Step 8: Configuring Security Group Rules and Testing Address Connectivity

  1. On the DLI management console, click Resources > Queue Management, select the bound queue, and click the arrow next to the queue name to view the network segment information of the queue.
  2. Log in to the DMS for Kafka console, click Kafka Premium, and click the name of the created Kafka instance, for example, kafka-dliflink. The instance information page is displayed.
  3. On the Basic Information page, obtain the Kafka connection address and port number in the Connection Address area.

  4. On the Basic Information page, click the security group name in the Security Group area.
  5. On the security group configuration page of the Kafka instance, choose Inbound Rules > Add Rule. Set Protocol to TCP, Port to 9093, and Source to the CIDR block of the DLI queue. Click OK.
  6. Log in to the DLI management console and choose Resources > Queue Management. In the row of the Flink queue, choose More > Test Address Connectivity. In the Address text box, enter the Kafka connection address and port number in the format of IP address:port number, and click Test. The subsequent operations can be performed only when the address is reachable. Note that multiple addresses must be tested separately.

Step 9: Creating a Flink SQL Job

After the data source and data output channel are prepared, you can create a Flink SQL job.

  1. In the left navigation pane of the DLI management console, choose Job Management > Flink Jobs. The Flink Jobs page is displayed.
  2. In the upper right corner of the Flink Jobs page, click Create Job. Set the following parameters:
    • Type: Flink SQL
    • Name: DIS-Flink-Kafka
    • Description: Leave it blank.
    • Template Name: Do not select any template.
  3. Click OK to enter the editing page.
  4. Edit the Flink SQL job

    Enter SQL statements in the editing window. The example statements are as follows. Note that the values of the parameters in bold must be changed according to the comments.

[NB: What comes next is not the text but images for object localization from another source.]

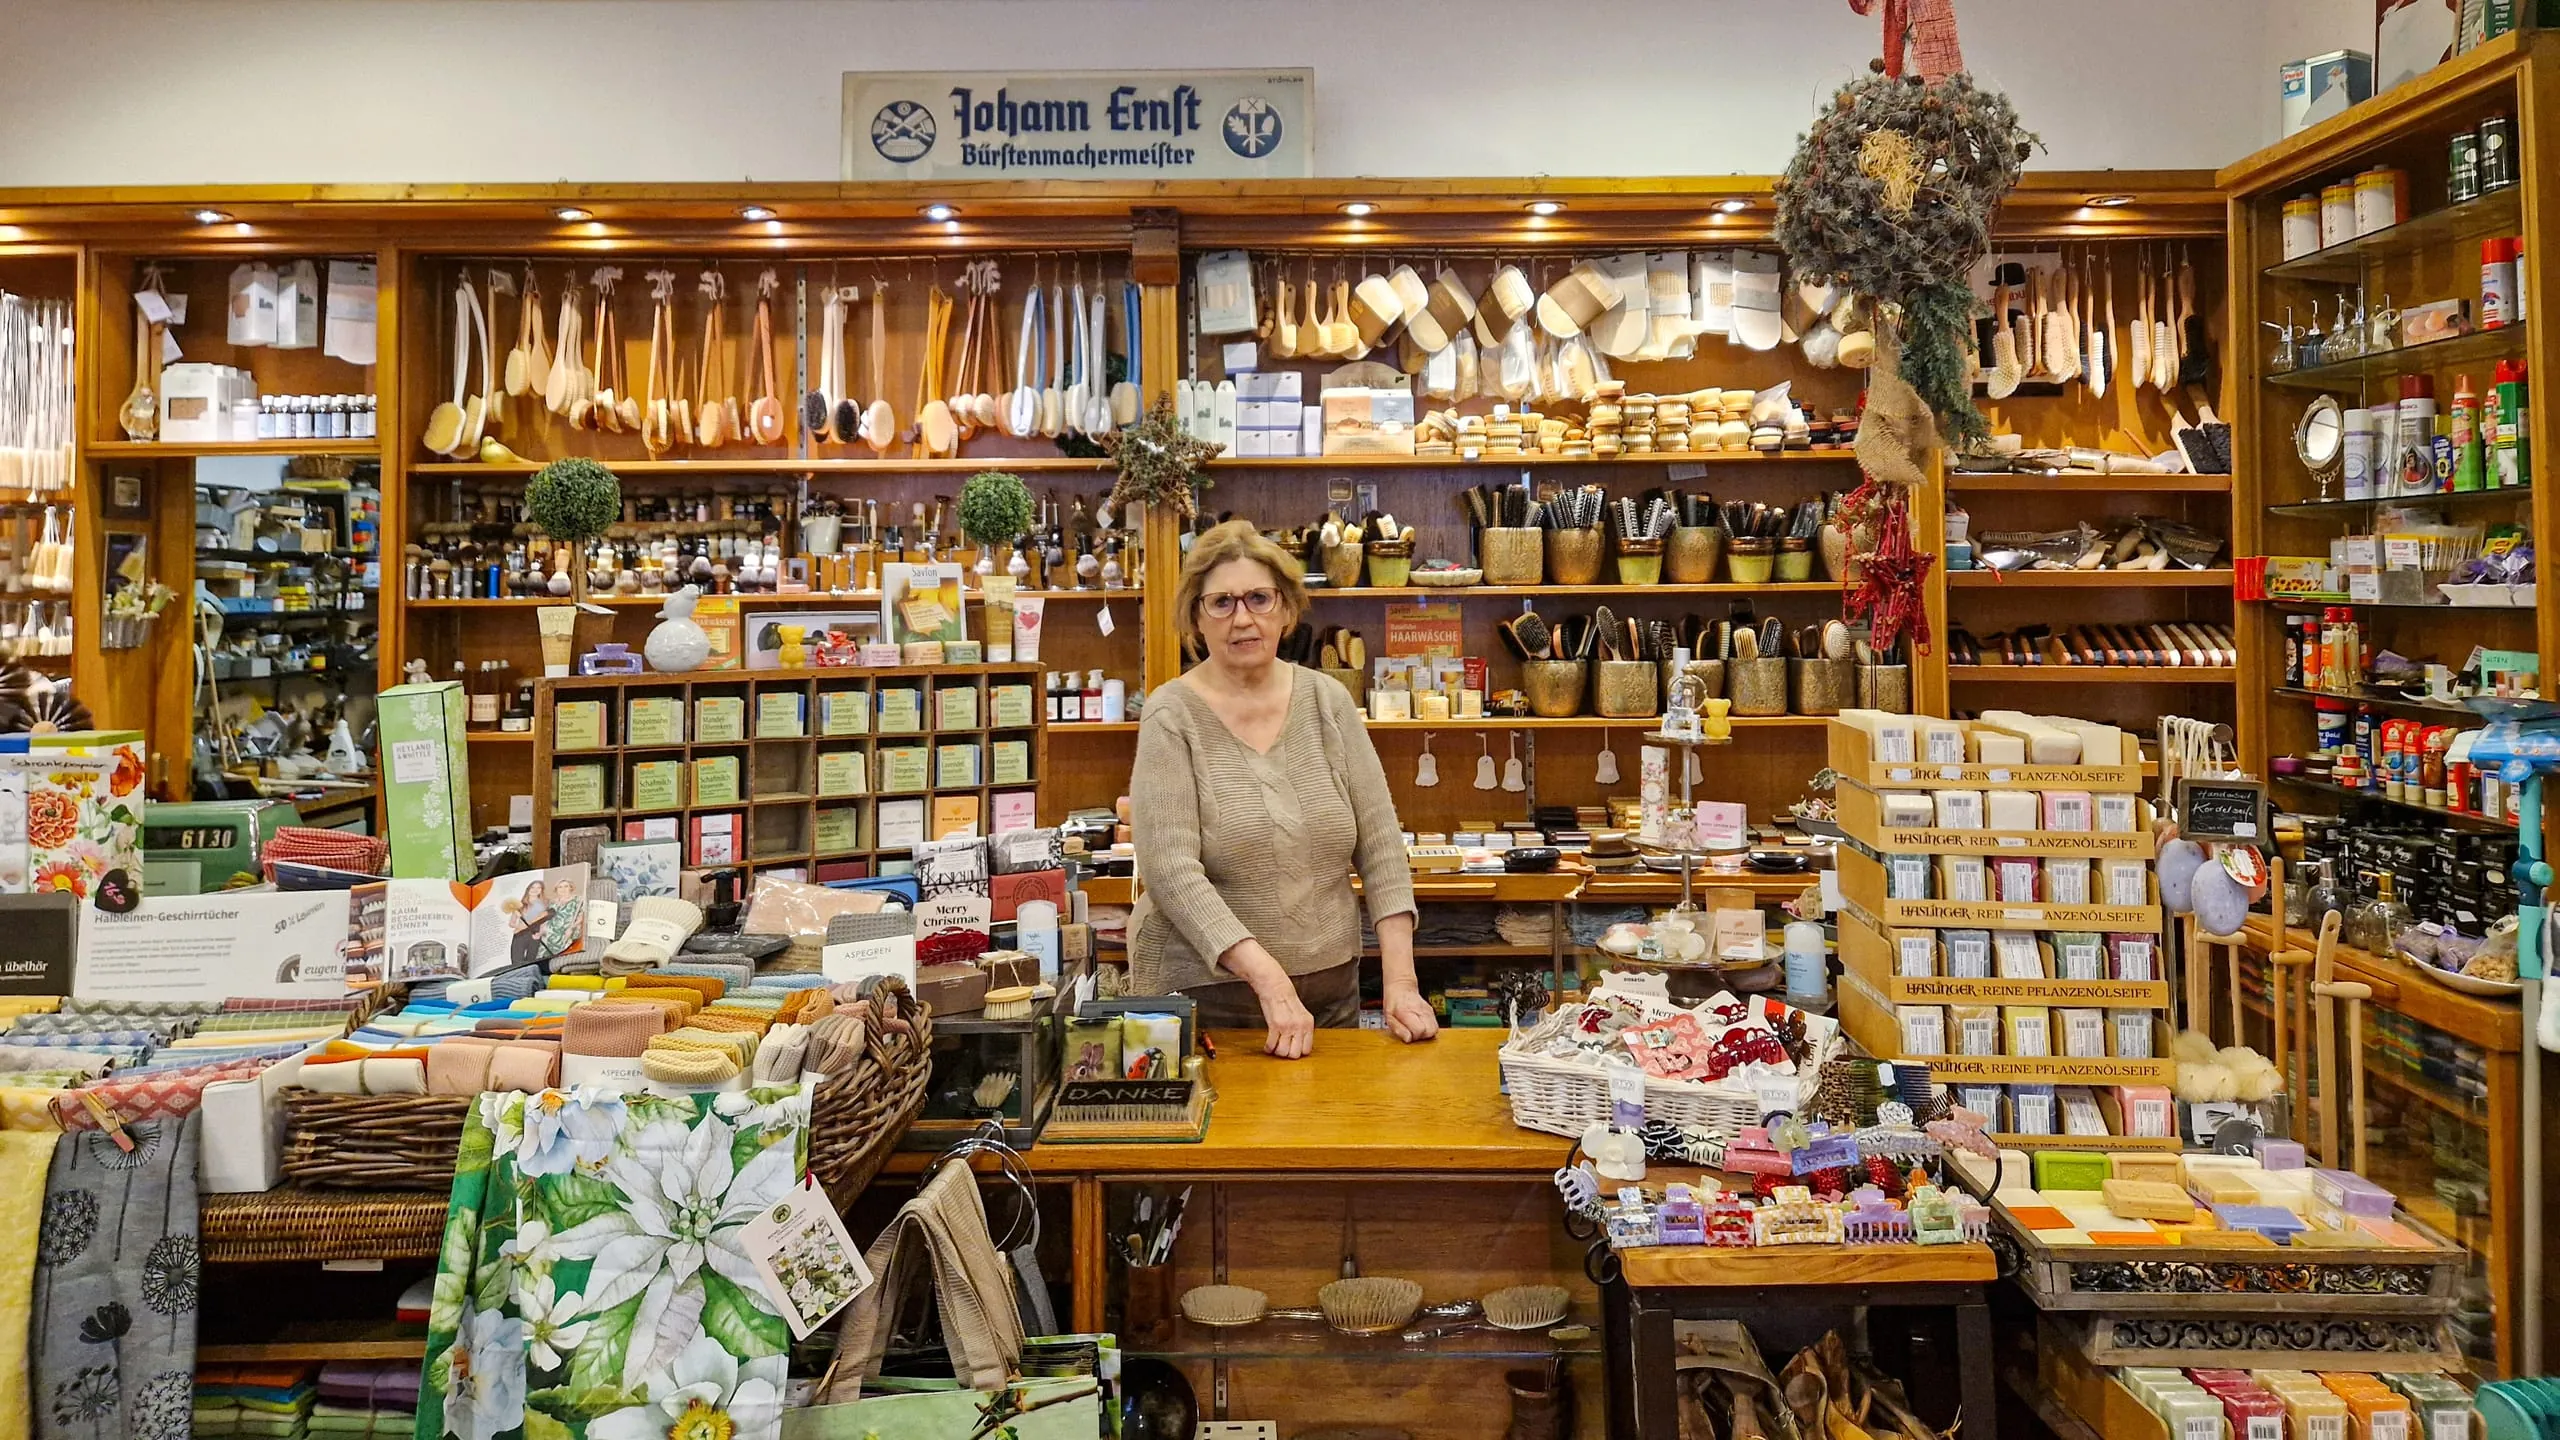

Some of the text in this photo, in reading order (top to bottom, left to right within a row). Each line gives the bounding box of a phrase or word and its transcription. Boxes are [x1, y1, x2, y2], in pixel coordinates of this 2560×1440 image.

[948, 84, 1203, 138] Johann Ernst
[961, 142, 1195, 169] Bürstenmachermeister
[1390, 629, 1457, 642] HAARWÄSCHE
[1885, 767, 1955, 782] HLINGE
[2010, 769, 2125, 783] FLANZENÖLSEIFE
[1894, 830, 2138, 850] HASLINGER REIN FLANZENÖLSEIFE
[94, 908, 240, 924] Halbleinen-Geschirrtücher
[936, 904, 969, 915] Merry
[1901, 903, 2145, 923] HASLINGER REIN ANZENÖLSEIFE
[273, 919, 287, 934] 50
[923, 915, 980, 927] Christmas
[843, 945, 892, 960] ASPEGREN
[5, 961, 48, 975] übelhör
[304, 964, 338, 977] eugen
[1906, 981, 2152, 999] HASLINGER REINE PFLANZENÖLSEIFE
[601, 1068, 643, 1077] ASPEGREN
[1991, 1063, 2032, 1074] REINE
[2036, 1062, 2160, 1077] PFLANZENÖLSEIFE
[1067, 1087, 1185, 1101] DANKE
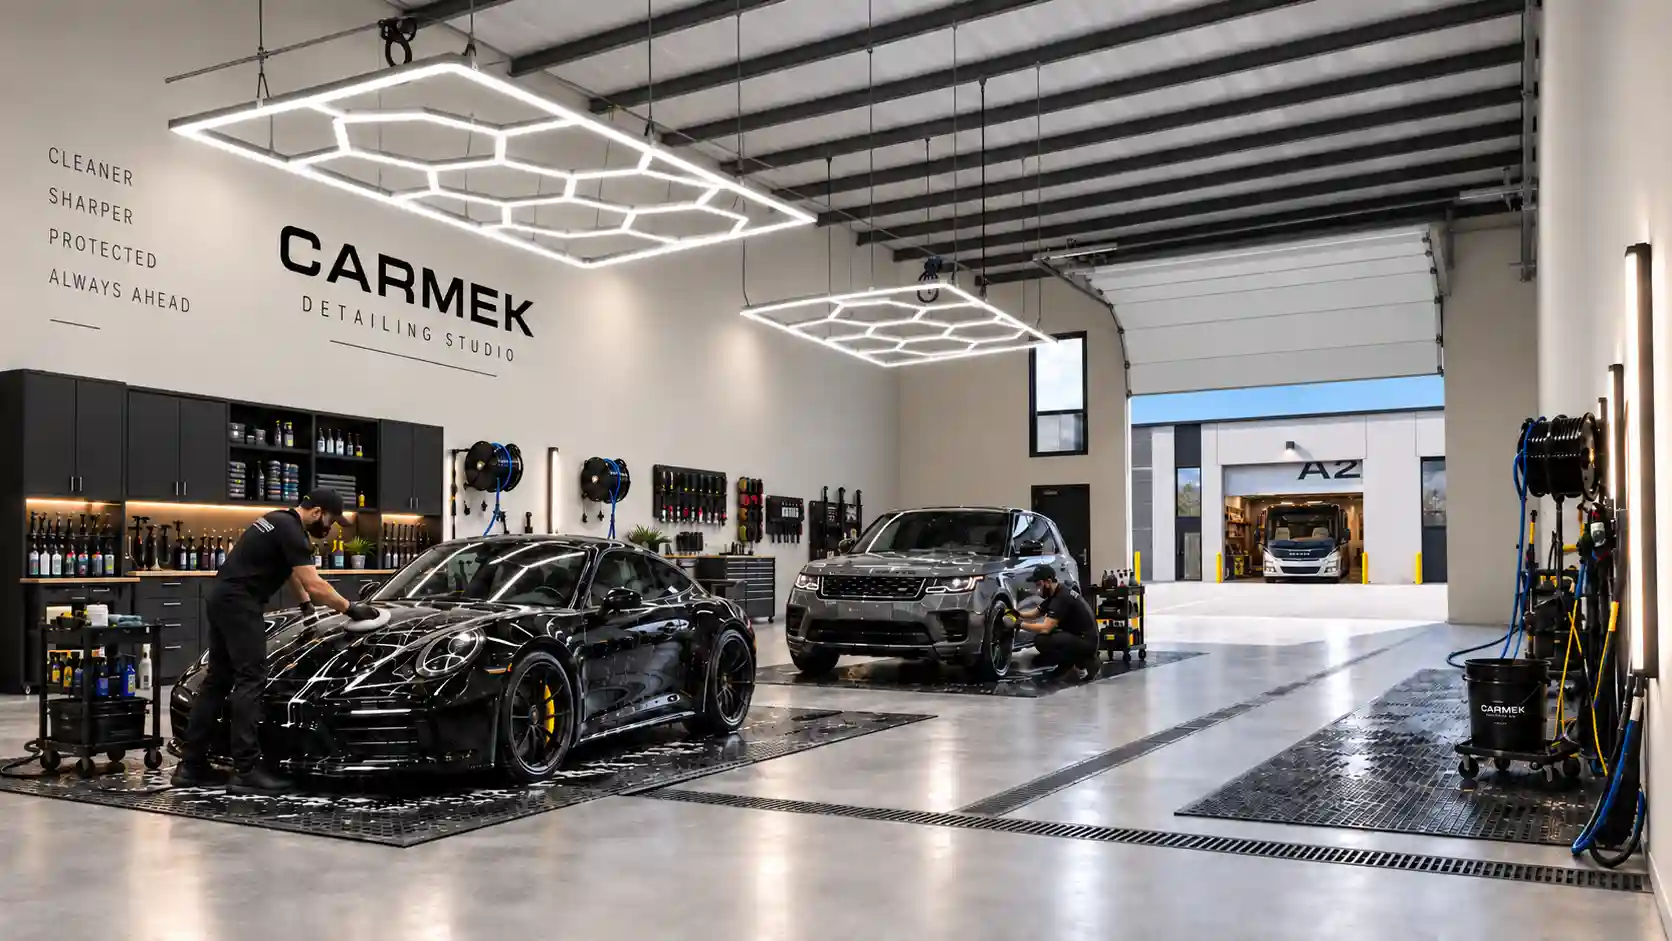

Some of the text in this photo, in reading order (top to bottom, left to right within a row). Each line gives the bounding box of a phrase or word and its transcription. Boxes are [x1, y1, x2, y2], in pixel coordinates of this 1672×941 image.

[48, 146, 134, 186] CLEANER
[48, 187, 133, 225] SHARPER
[49, 228, 157, 269] PROTECTED
[48, 268, 191, 313] ALWAYS AHEAD
[280, 225, 535, 338] CARMEK
[301, 295, 515, 362] DETAILING STUDIO
[1297, 460, 1361, 480] A2
[1480, 704, 1525, 714] CARMEK
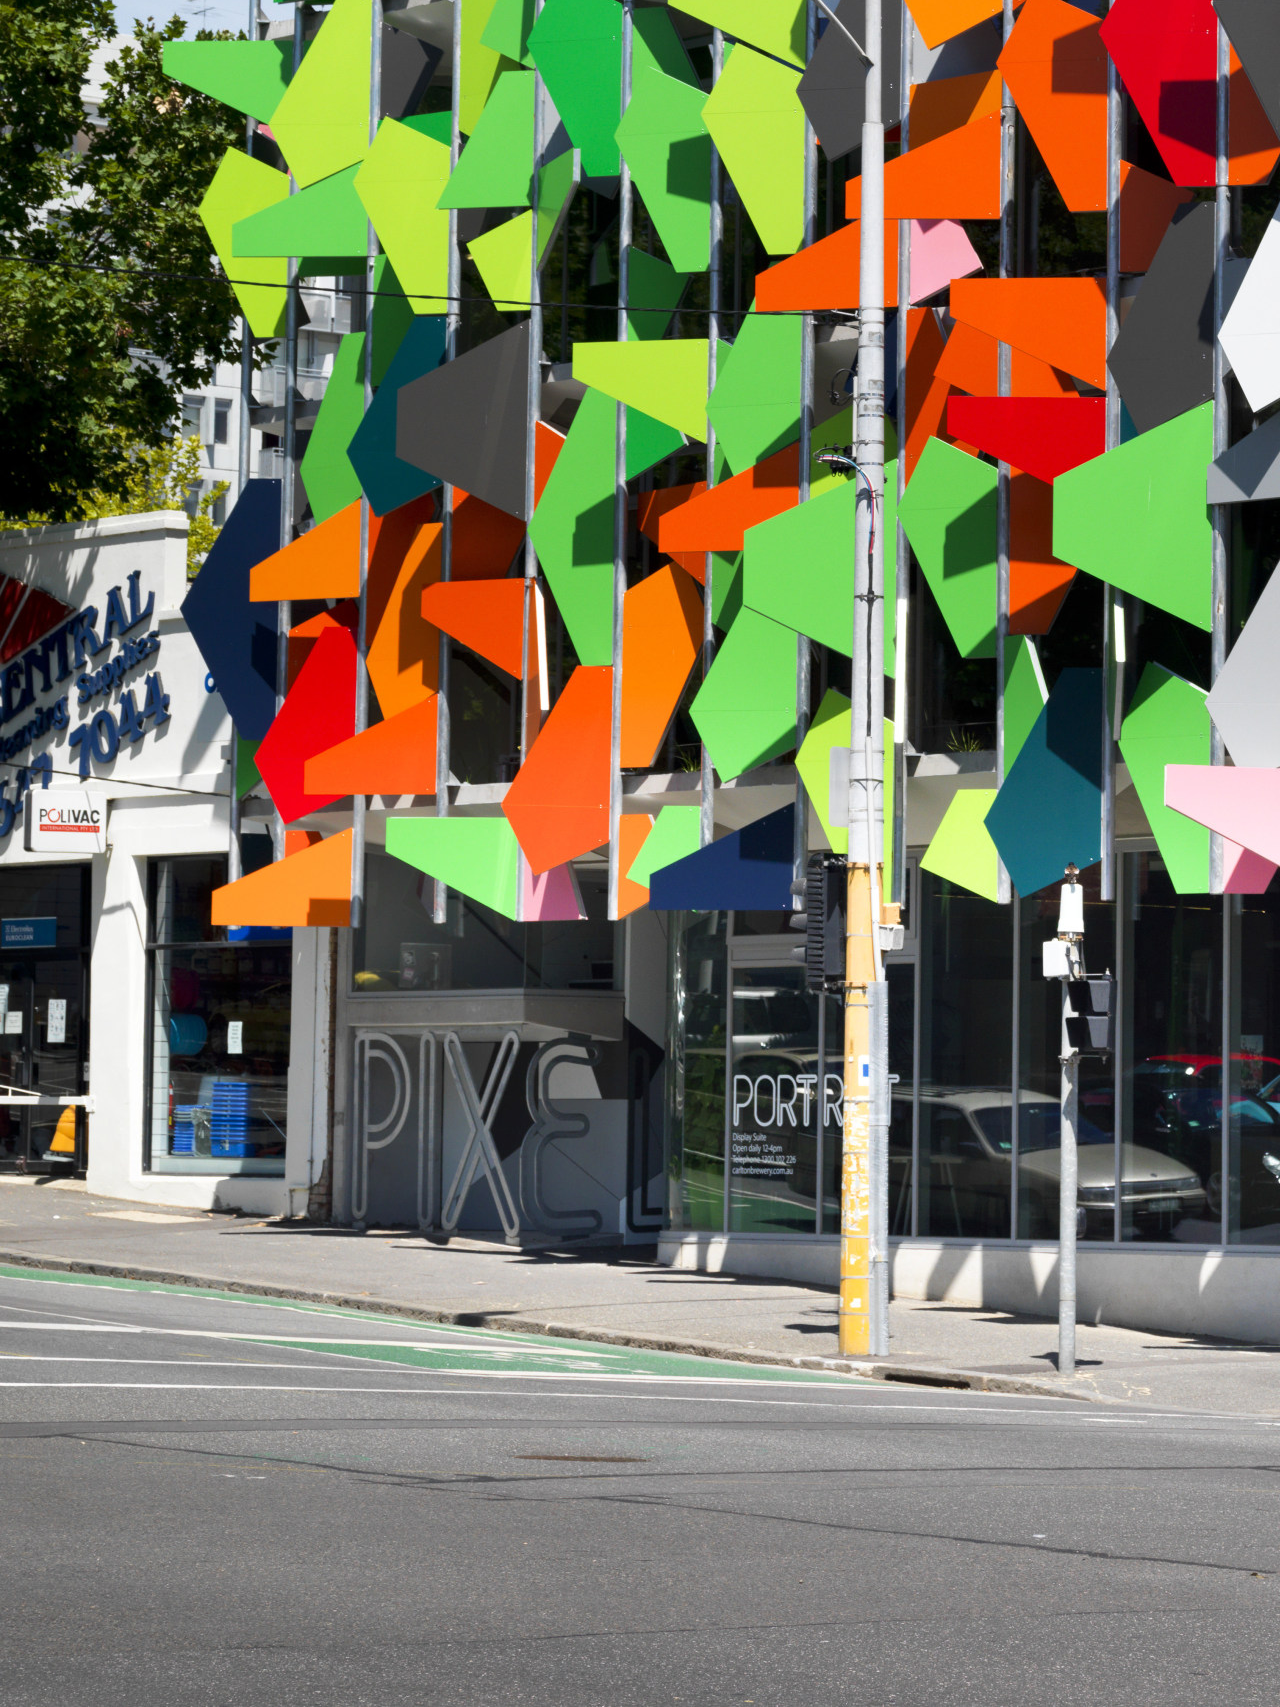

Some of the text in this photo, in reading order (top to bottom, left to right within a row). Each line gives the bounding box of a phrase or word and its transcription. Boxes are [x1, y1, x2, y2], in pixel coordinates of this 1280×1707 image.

[0, 570, 156, 725] ENTRAL
[76, 629, 161, 704] Supplies
[68, 670, 172, 783] 7044
[39, 808, 100, 824] POLIVAC
[732, 1074, 900, 1128] PORTRT
[732, 1133, 767, 1143] Display Suite
[732, 1144, 783, 1154] Open daily 12-4pm
[732, 1155, 761, 1165] Telephone
[761, 1156, 775, 1164] 1300
[785, 1155, 797, 1164] 226
[731, 1166, 794, 1176] carltonbrewery.com.au

    CREATE SOURCE STREAM car_info (
      a1 string,
      a2 string,
      a3 string,
      a4 INT
    )
    WITH (
      type = "dis",
      region = "xxx",// Region where the current DLI queue is located
      channel = "csinput",
      encode = "csv",
      FIELD_DELIMITER = ";"
    );
    
     CREATE SINK STREAM kafka_sink ( 
      a1 string,
      a2 string,
      a3 string,
      a4 INT
    ) // Output field
    
    WITH (
      type="kafka",
    Change kafka_bootstrap_servers = "192.x.x.x:9093, 192.x.x.x:9093, 192.x.x.x:9093",// Connection address of the Kafka instance
    kafka_topic = "testflink", // Topic to be written to Kafka. Log in to the Kafka console, click the name of the created Kafka instance, and view the topic name on the Topic Management page.
      encode = "csv", // Encoding format, which can be JSON or CSV.
      kafka_certificate_name = "Flink",// The value is the name of the Kafka datasource authentication created in Step 7.
      kafka_properties_delimiter = ",",
      // Replace xxx in username and password in kafka_properties with the username and password for creating SSL authentication for Kafka in step 2.
      kafka_properties = "sasl.jaas.config=org.apache.kafka.common.security.plain.PlainLoginModule required username=\"xxx\" password=\"xxx\";,sasl.mechanism=PLAIN,security.protocol=SASL_SSL"
    );
    
    INSERT INTO kafka_sink
    SELECT * FROM car_info;
    
    CREATE sink STREAM car_info1 (
      a1 string,
      a2 string,
      a3 string,
      a4 INT
    )
    WITH (
      type = "dis",
      region = "xxx",// Region where the current DLI queue is located
      channel = "csinput",
      encode = "csv",
      FIELD_DELIMITER = ";"
    );
    
    insert into car_info1 select 'id','owner','brand',1;
    insert into car_info1 select 'id','owner','brand',2;
    insert into car_info1 select 'id','owner','brand',3;
    insert into car_info1 select 'id','owner','brand',4;
    insert into car_info1 select 'id','owner','brand',5;
    insert into car_info1 select 'id','owner','brand',6;
    insert into car_info1 select 'id','owner','brand',7;
    insert into car_info1 select 'id','owner','brand',8;
    insert into car_info1 select 'id','owner','brand',9;
    insert into car_info1 select 'id','owner','brand',10;
  5. Click Check Semantics.
  6. Set job running parameters. The mandatory parameters are as follows:
    • Queue: Flinktest
    • CUs: 2
    • Job Manager CUs: 1
    • Parallelism: 1
    • Save Job Log: selected
    • OBS Bucket: Select the OBS bucket for storing job logs. You need the permissions to access this bucket.

    You do not need to set other parameters.

  7. Click Save.
  8. Click Start. On the displayed Start Flink Job page, confirm the job specifications and the price, and click Start Now to start the job.

    After the job is started, the system automatically switches to the Flink Jobs page, and the created job is displayed in the job list. You can view the job status in the Status column. After a job is successfully submitted, Status of the job will change from Submitting to Running.

    If Status of a job is Submission failed or Running exception, the job fails to be submitted or fails to run. In this case, you can move the cursor over the status icon to view the error details. You can click to copy these details. After handling the fault based on the provided information, resubmit the job.

  9. After the job is complete, you can log in to the management console of Distributed Message Service for Kafka to view the corresponding Kafka premium instance. Click the instance name, click the Message Query tab, select the Kafka topic written in the Flink SQL job, and click Search. In the Operation column, click View Message Body to view the written message content.